Task instructions
Copy the entries below exactly; any picture among them should be left out.

Data extracts
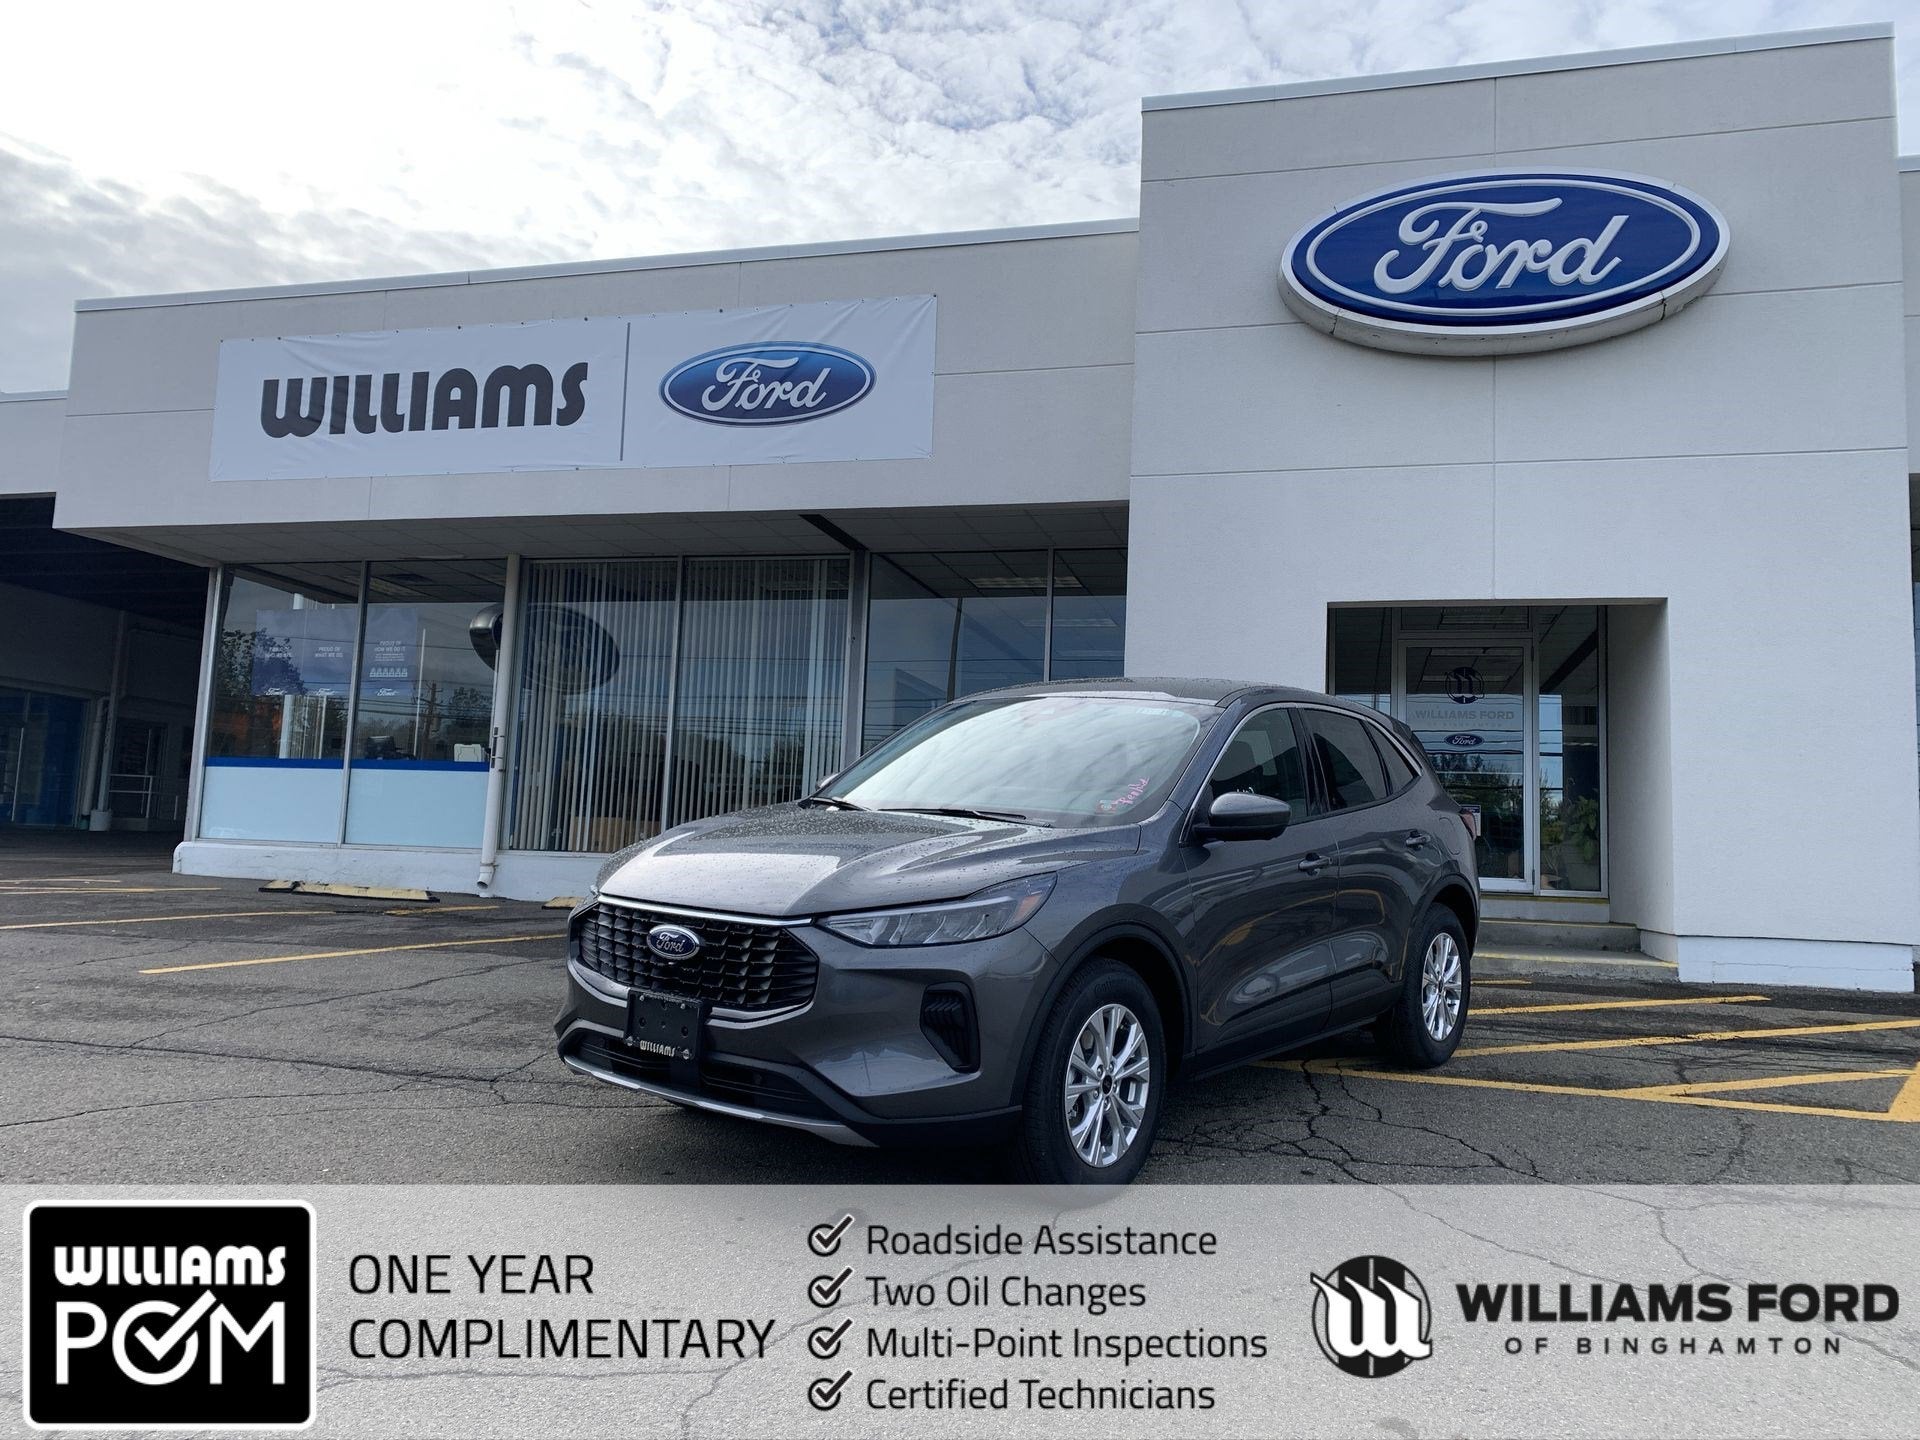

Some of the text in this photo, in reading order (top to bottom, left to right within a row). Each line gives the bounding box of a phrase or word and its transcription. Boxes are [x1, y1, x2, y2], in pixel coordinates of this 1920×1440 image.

[1373, 197, 1629, 294] Ford
[702, 355, 831, 412] Ford
[260, 362, 588, 438] WILLIAMS
[1414, 710, 1515, 720] WILLIAMS FORD
[1452, 735, 1477, 745] Ford
[656, 932, 685, 952] Ford
[639, 1040, 676, 1057] WILLIAMS

Solution for this problem
Some of the text in this photo, in reading order (top to bottom, left to right within a row). Each line gives the bounding box of a phrase or word and its transcription. Boxes are [x1, y1, x2, y2], in pixel coordinates of this 1920×1440 image.

[1373, 197, 1629, 294] Ford
[702, 355, 831, 412] Ford
[260, 362, 588, 438] WILLIAMS
[1414, 710, 1515, 720] WILLIAMS FORD
[1452, 735, 1477, 745] Ford
[656, 932, 685, 952] Ford
[639, 1040, 676, 1057] WILLIAMS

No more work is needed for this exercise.